この言葉は、フランクリンが、巡回宣教師であるジョージ・ホイットフィールドの活動について触れた中で述べられているものである。彼は、天候に左右されずに宗教的な集会を出来る集会場をフィラデルフィアに建設したが、そこでは、「一般住民のためのものであるから、たとえコンスタンティノープルの回教の首長が布教のために伝導しを派遣したとしても、ここの説教壇は自由に使」うことが出来る、ということであった*1

コール氏は、もちろん、トマス・ジェファソンについても触れている。彼は、自らの偉大な業績3つを墓石に彫らせたが、その内の一つは、「ヴァージニア信教自由法」を起草したこと、であった。このジェファソンに触れずしてアメリカにおける信教の自由というテーマを語ることはできないだろう。
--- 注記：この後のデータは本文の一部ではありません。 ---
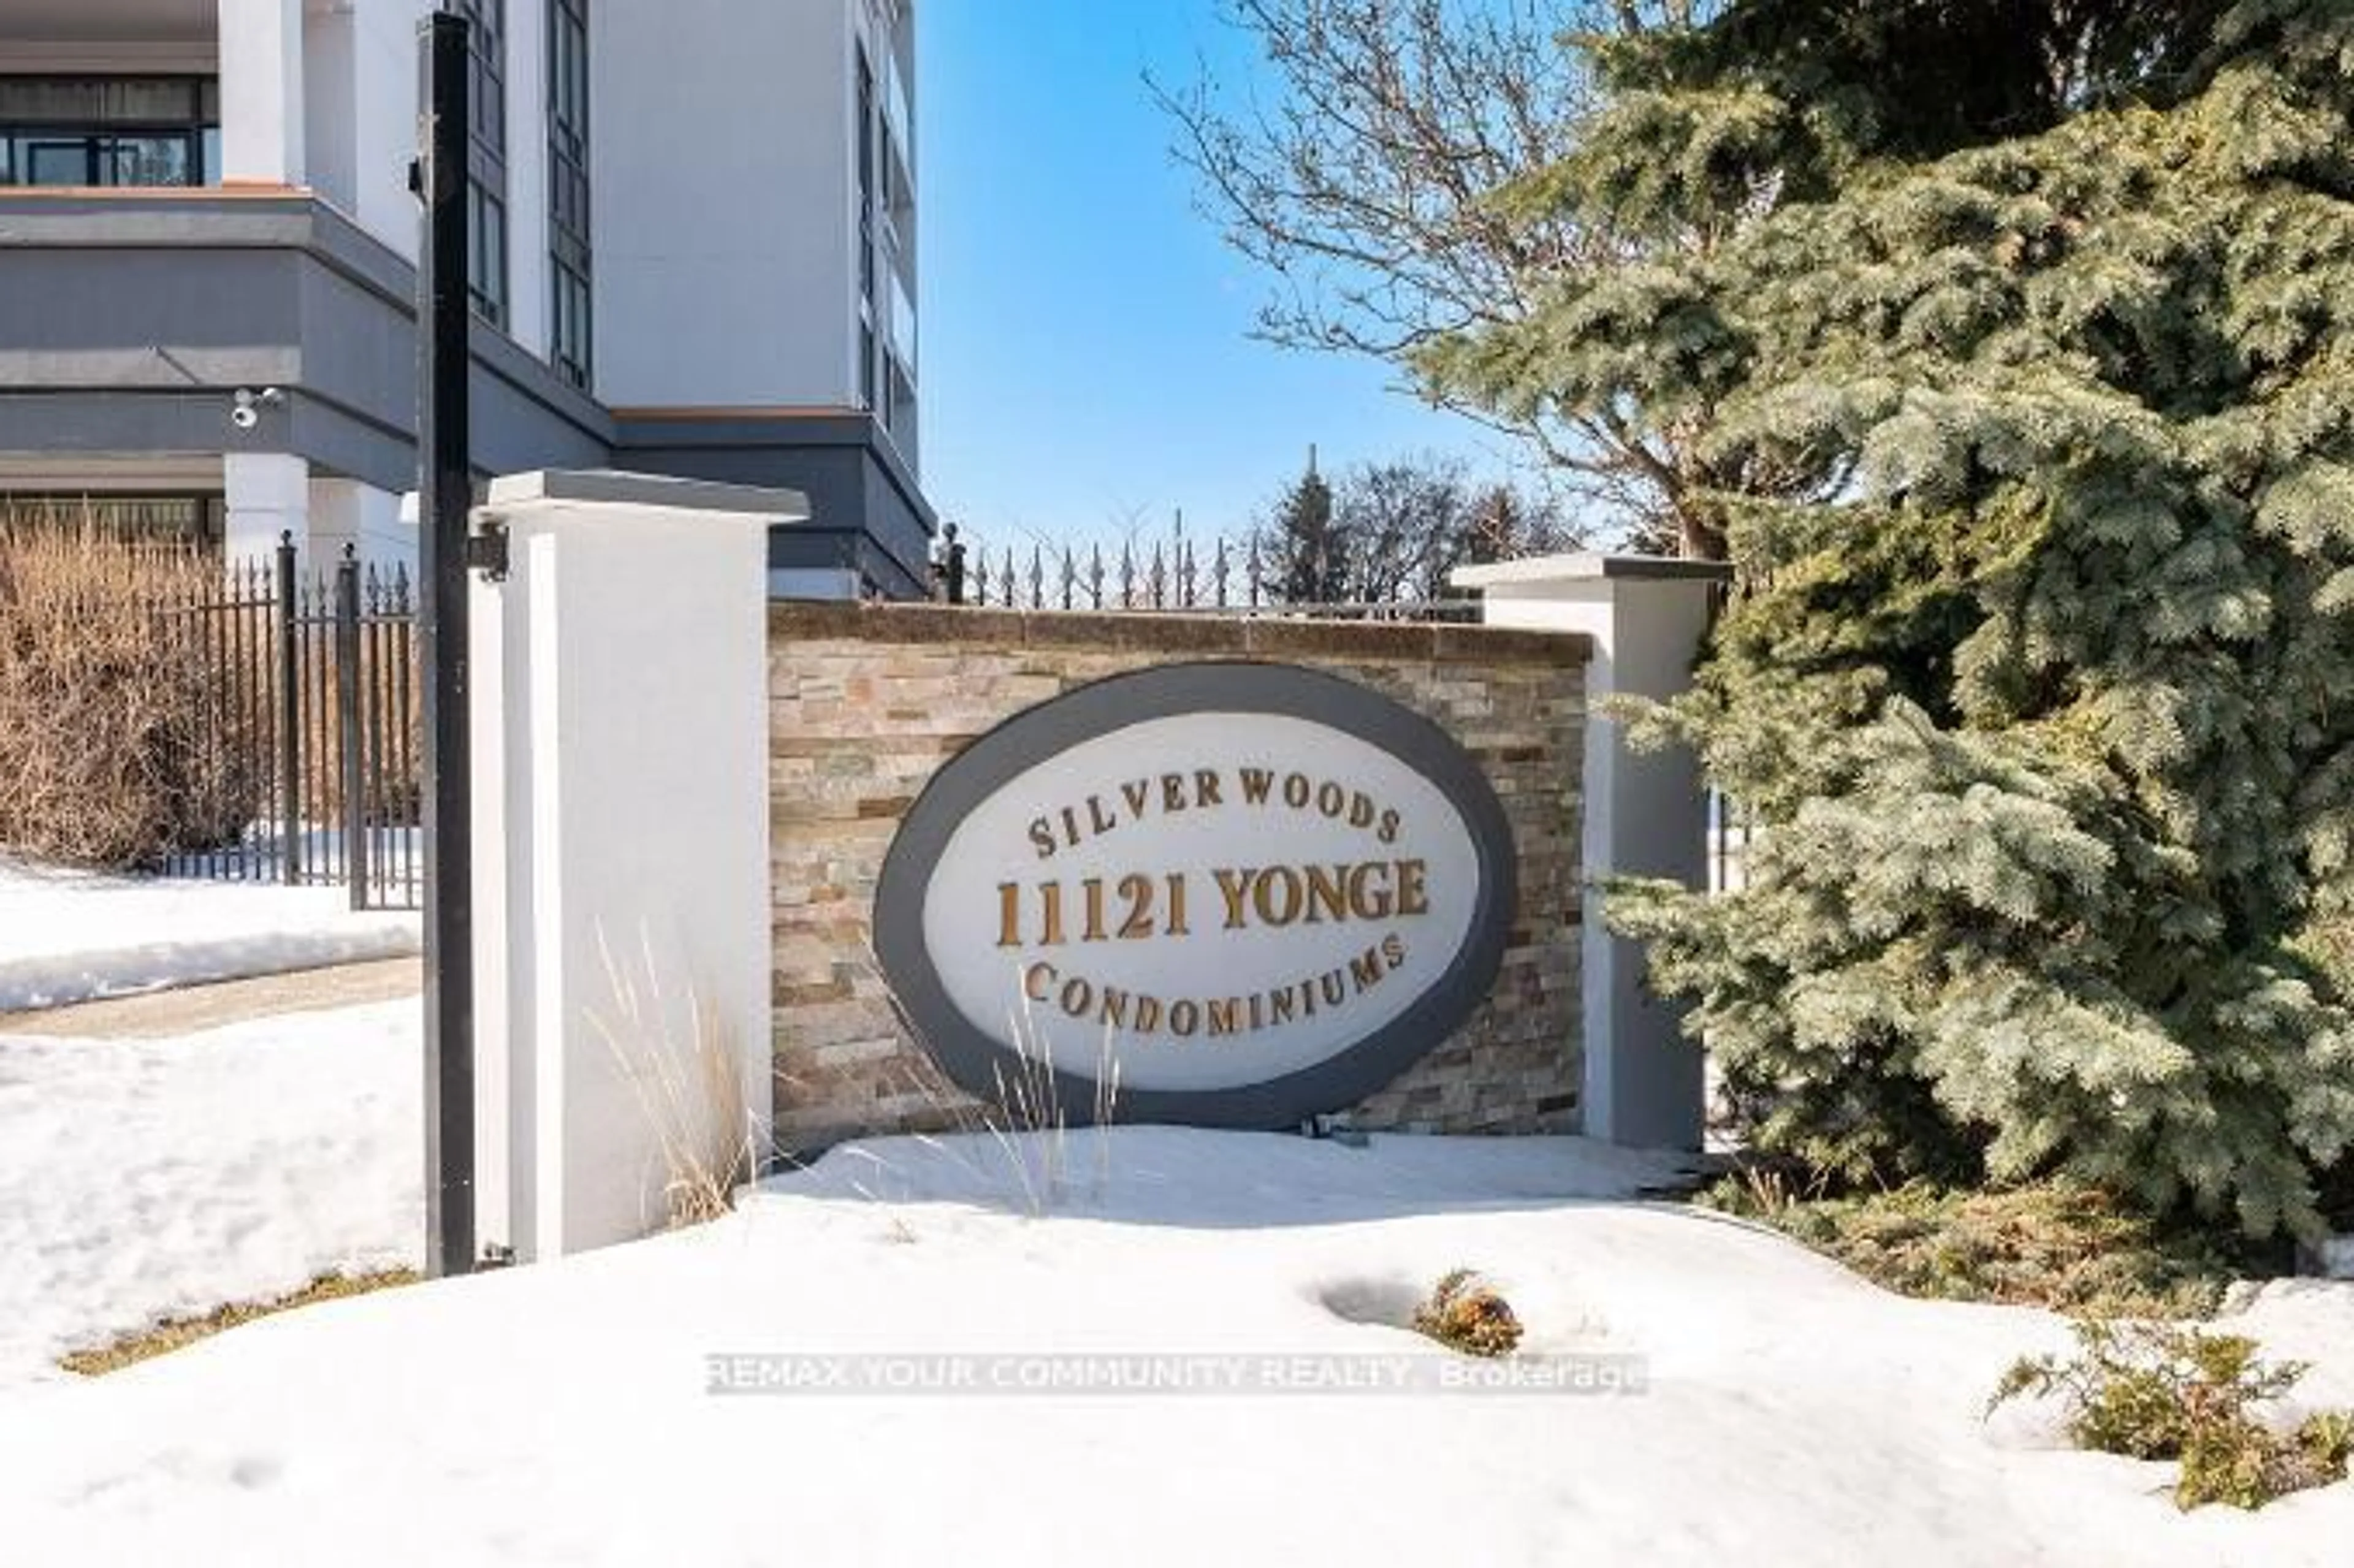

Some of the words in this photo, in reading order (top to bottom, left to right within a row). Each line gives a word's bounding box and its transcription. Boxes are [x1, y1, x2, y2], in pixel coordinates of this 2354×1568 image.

“The legitimate powers of government extend to such acts only as are injurious to others. But it does me no injury for my neighbor to say there are twenty gods, or no god. It neither picks my pocket nor breaks my leg.”
– Thomas Jefferson, Notes on the State of Virginia, 1781-82

つまり、「20人の神々がいる」「神など居ない」と主張することは、物を盗むことや足の骨を折ることと異なって、なにも有害なことではない、と主張しているのであり、合法的な権力はそのような行為には及ばない、と言っているのである。


反対運動は、こうした愛国者達の理想をないがしろにする行為であり、またアメリカの国家的な魅力や道徳的な高潔さを減するものとして、厳しく非難されるべきではないか。

*1:この話は、『フランクリン自伝』角川文庫、荒木敏彦訳、148-9頁に載っている。